64 10 0
                                    


Pewien chłopiec zauroczył się Luną tak bardzo, że nie pragnął niczego innego jak poznania jej.

Ciężki był to dla niego proces, by Lunę spotkać w dość naturalny sposób i nie odpędzić jej.

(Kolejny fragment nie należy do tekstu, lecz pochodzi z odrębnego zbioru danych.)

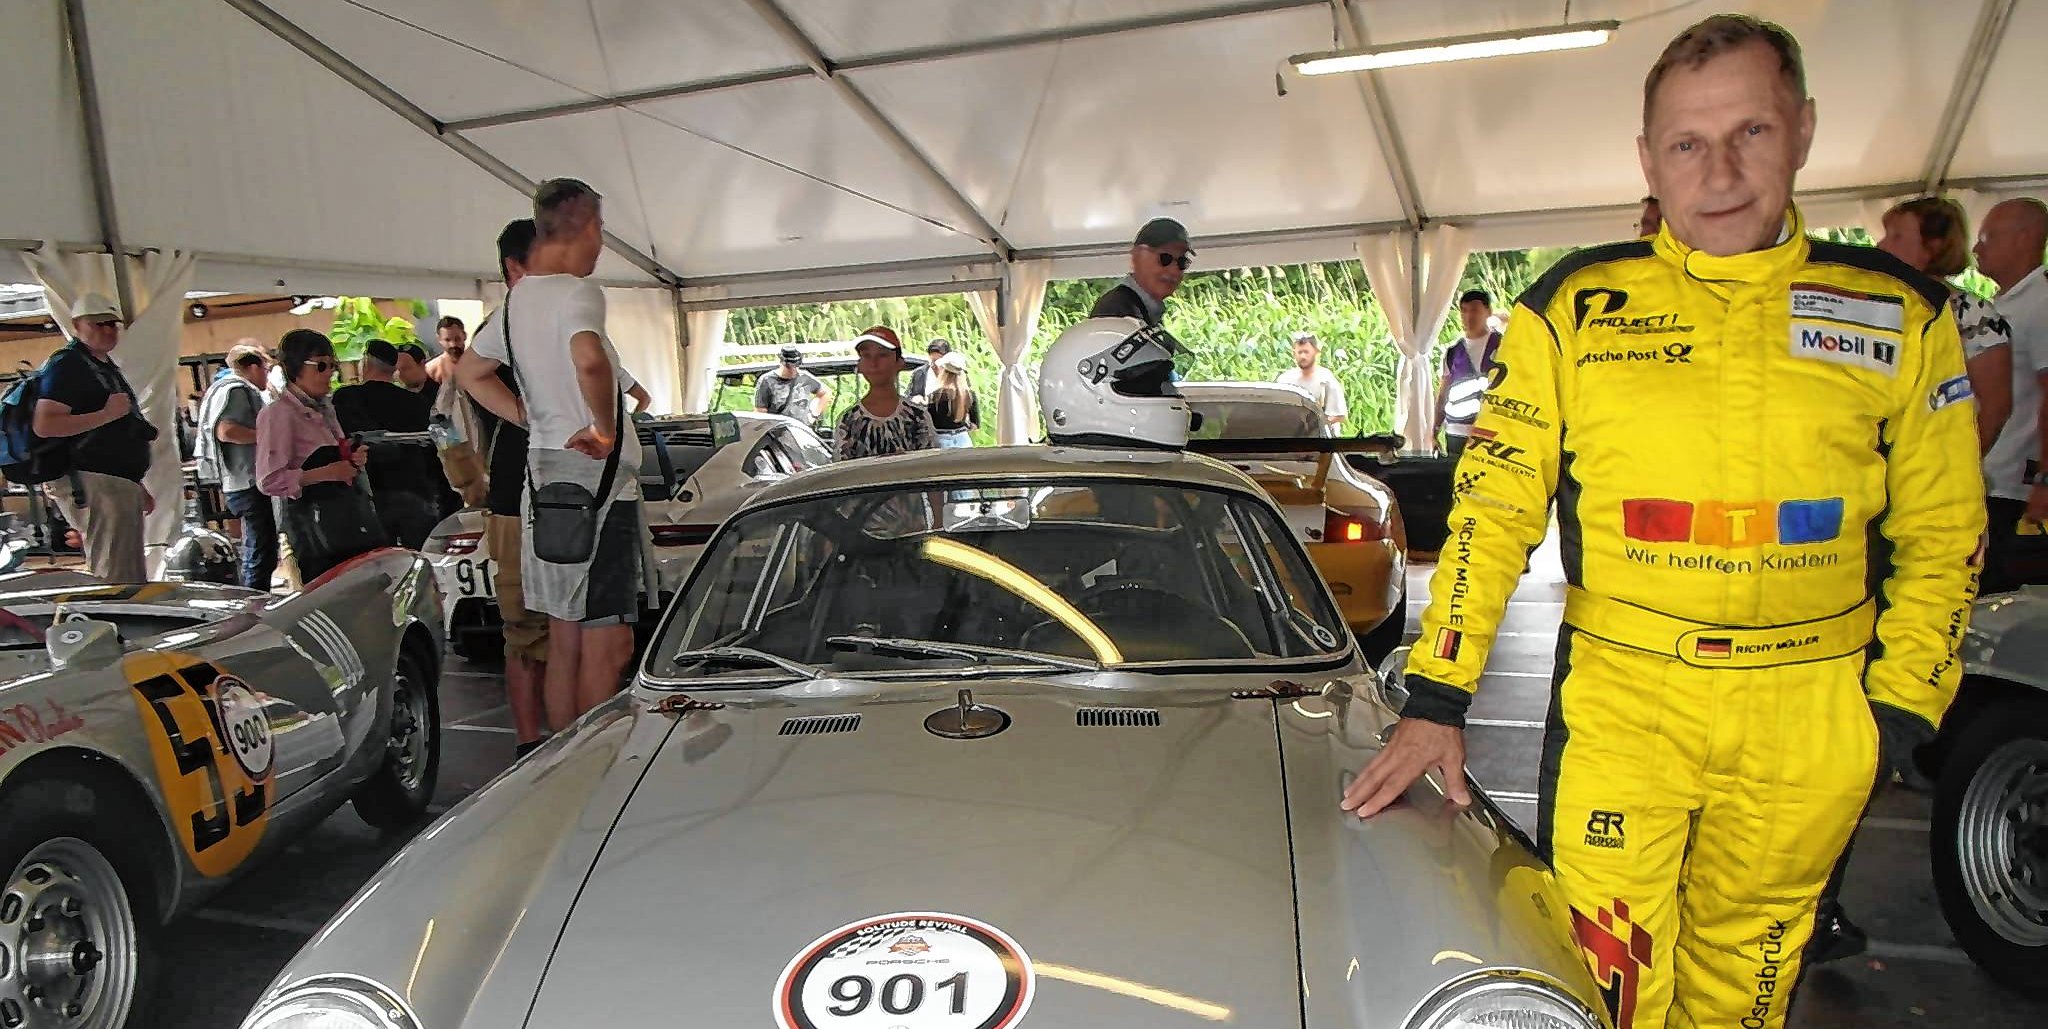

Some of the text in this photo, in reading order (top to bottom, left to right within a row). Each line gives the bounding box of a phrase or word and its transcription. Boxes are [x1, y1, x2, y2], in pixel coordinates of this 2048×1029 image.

[1626, 350, 1659, 362] Post
[1801, 328, 1865, 356] Mobil
[1458, 516, 1477, 564] RICHY
[1625, 545, 1658, 566] Wir
[1761, 552, 1839, 570] Kindern
[1736, 643, 1773, 654] RICHY
[234, 713, 267, 756] 900
[856, 919, 968, 936] SOLITUDE REVIVAL
[1738, 919, 1788, 1029] Osnabrück
[827, 972, 970, 1017] 901

Jakie było jego zdziwienie, gdy spotkał ją w parku, bujającą się na huśtawce, a gdy odezwał się do niej skromnym „cześć" dostał w zamian bardzo długie spojrzenie, ogromnych, brązowych oczu i lekki uśmiech, za to żadnego słowa w zamian.

Zmieszany chłopak, delikatnie wycofał się i po chwili namysłu poszedł w kierunku, z którego przybył.

Nazywał się Alexander i był może dwa lata starszy od niej.

Włosy miał brązowe, były jednak dość rzadkie, ale kręciły się bardzo.

Zwrócił on uwagę dziewczyny.

Tego mógł być pewien.

Ale nie był.

Zdawało mu się nawet przez chwilę, że może dziewczyny wcale tam nie było, że coś mu się przywidziało.

Tym bardziej, że kiedy odwrócił się, ujrzał, że nie ma jej już w miejscu, gdzie przed chwilą ją spotkał.